本性非常好,但三毒會來破壞,所以要用三寶來維護「德」。自古以來,有梁山伯與祝英台,羅密歐與茱麗葉…等這叫情痴。什麼叫「痴」就是事錯的當做是對的,就是情痴所以會再輪迴,輪迴的根本就在痴,有愛就有恨,所以在世間糾纏不休。我們會發現大部份的人,最愛的人就是他最恨的人,愛的深就恨的深,這就是痴,很奇怪!
大部份人不重視這三毒,貪、嗔、痴出來不當一回事,世間重視貪、嗔、痴這是三災,有三災就會有八難(種種的困難)。
「學而不講」學到有所体悟,要去講,學到好的東西,不能只自已受用,心得要和別人分享一下,像來學經典也好,有些心得,就要去講,代天宣化,不然學來幹什麼?好學不倦就是要誨人不倦,真理要和大家分享,這叫法施為貴,佈施裡面,法施最寶貴。法施是什麼?就是我們的一種覺悟,是學道後的領悟,要與人分享,佈施於人。
「聞義不能涉」聽到正義的行為,不能改變,自已去趨向正義,例如:知道開佛堂很好,就是不肯開間佛堂;這也是聞義不能徙。知道清口很好,但就是不肯去立清口愿,就是不肯放棄吃肉。渡人、開荒下種也都是義行,一聽到這些就要下決心去做。為什麼歐吉桑、歐媽桑、老阿公、老阿婆們都做得到,而我做不到呢?這就該憂愁了。不是只有孔子做得到,正義的事情,你要去做一定會得天助人助的,最怕的是自已沒有決心。
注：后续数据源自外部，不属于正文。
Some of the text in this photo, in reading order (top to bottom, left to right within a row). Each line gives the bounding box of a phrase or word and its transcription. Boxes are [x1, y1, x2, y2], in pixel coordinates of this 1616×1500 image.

有義行才可成為義人,行義行成義人,可以做神。義人離開人間升天之後就做神。那不義的人離開人間就做鬼去了。人死了以後就只兩條路給你選擇:一條是升天做神,另一條就是下地獄做鬼。
上天給我們的義行,也很簡單,就是求道了,清口,開設佛堂的壇主歸空就是護壇大仙,在老一輩的禮節本裡有這個護壇大仙我們現在拜的各位大仙,就是護壇大仙。
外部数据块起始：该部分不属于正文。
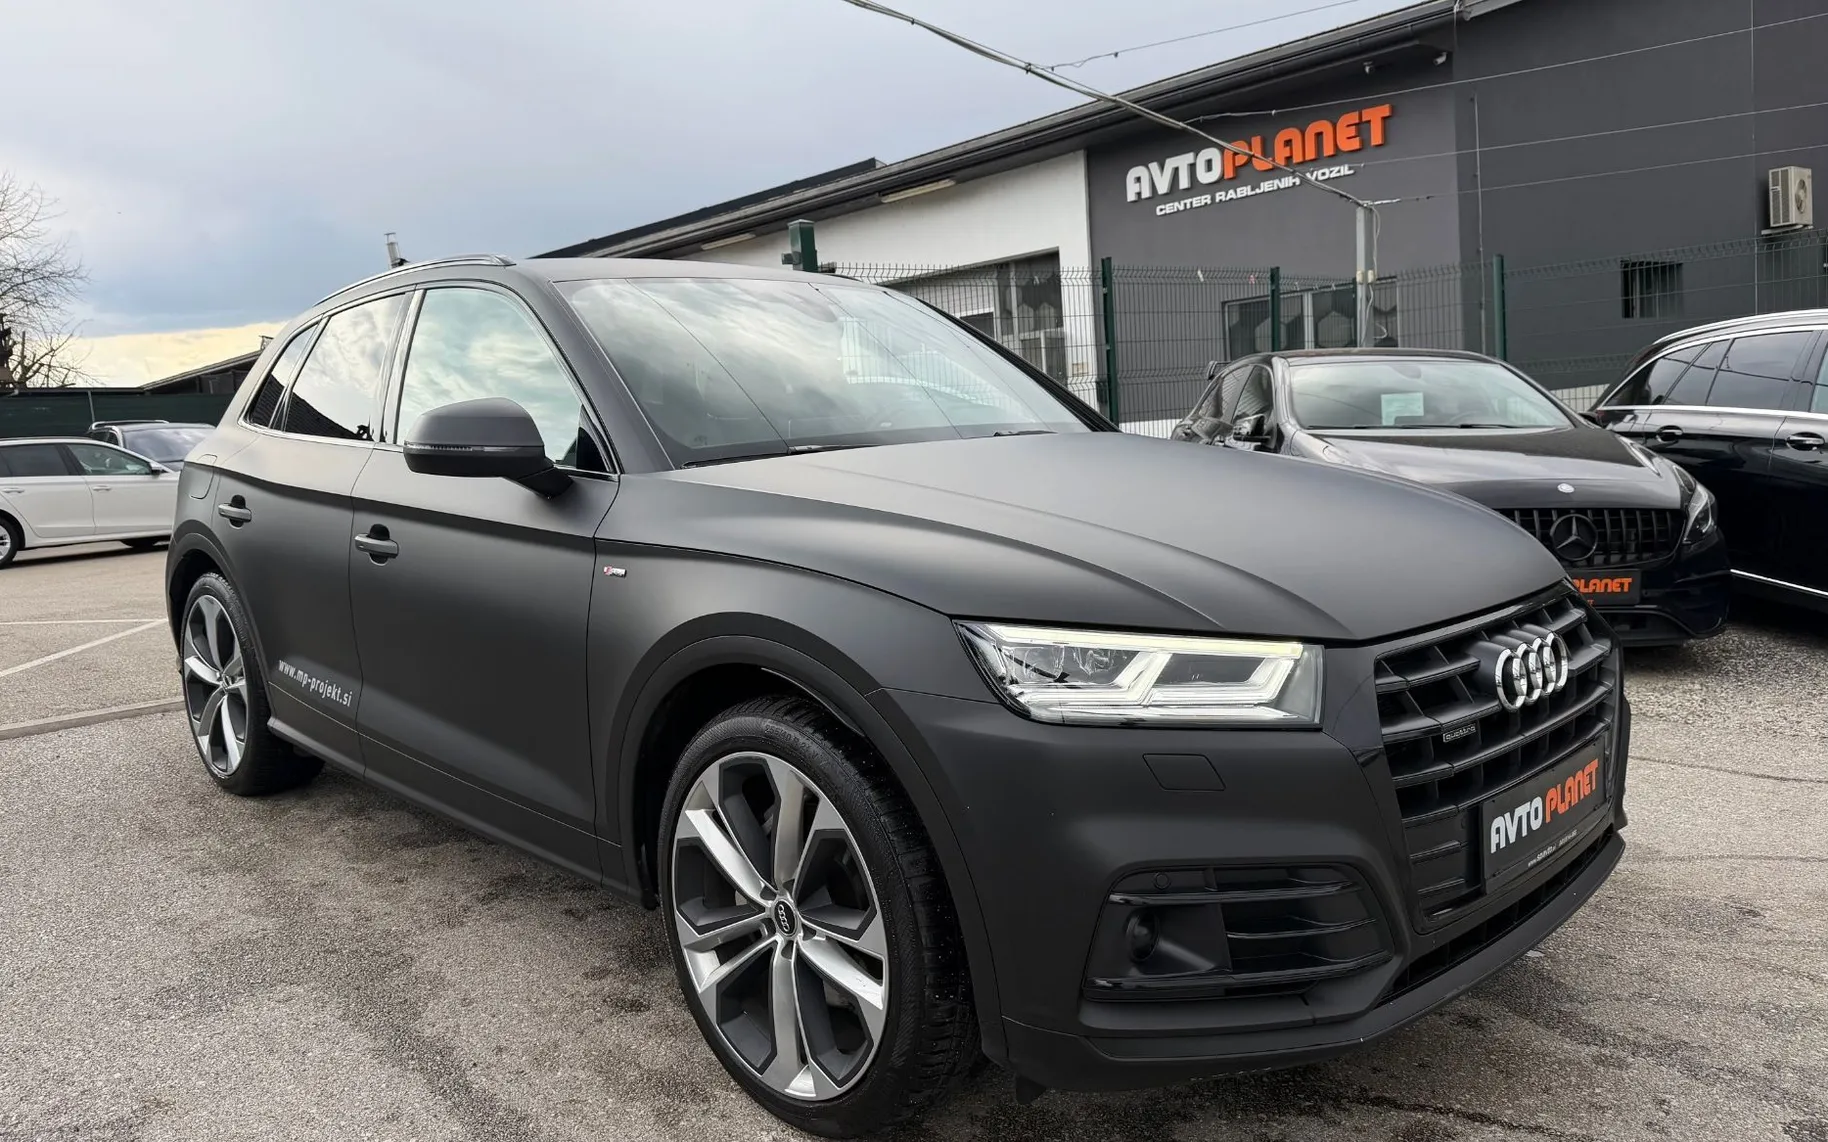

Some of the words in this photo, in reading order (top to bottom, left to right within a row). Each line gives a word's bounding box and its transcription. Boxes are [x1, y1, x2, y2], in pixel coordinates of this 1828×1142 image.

[1156, 194, 1212, 216] CENTER
[1215, 176, 1300, 203] RABLJENIH
[1306, 164, 1355, 181] VOZIL
[278, 660, 353, 707] www.mp-projekt.si
[1445, 725, 1476, 740] quattro
「不善不能改」明明知道這是不好的行為,而不能改。例如:知道暴飲暴食不好,就改嘛!兩舌是非、破壞團體、抽煙、喝酒…等。知道這些不好,就要改,要以此為憂,不要不當一回事。
子之燕居,申申如也,夭夭如也。
燕居,這燕就是燕子在飛翔,代表悠閒自在,閒居無事叫燕居。
孔子他閒居無事的時候,就非常的悠閒快樂,安閒自在,享受寧靜。不像一般人,沒事情可做的時候,就憂愁煩惱的不得了。有些人是閒不來的。一閒下來就很焦燥不安。一位修道人能夠享受寧靜,沒事的時候,心自然回到本性,回到本性的時候,就是回到整個大自然。我們的本性不是只有這一點,躲在大腦裡,不是的,關是本性的門戶,你從這點進入,才發現是整個宇宙,甚至整個宇宙之外、以前人講宇宙是無限,現代的人講宇宙是有限的。宇宙是有限,那宇宙之外是什麼?就是我們的覺性,宇宙是虛空,是無限寬闊,覺性現前,釋迦佛祖說:虛空從大覺中產生(空生大覺中,如海一樞發)。
生命的無限美好,無邊際,不可捉摸快樂愉悅,師母說:修道人要認識「自己」。道親在做事時要勤快,符合中道,進退拿捏得宜,閒時無事享受寧靜安和。道的深大不是口說,是要用生命去實踐,只要肯做,一定做得到,只在一念之間,當沒有做到時,要憂愁,做到時就要放下了。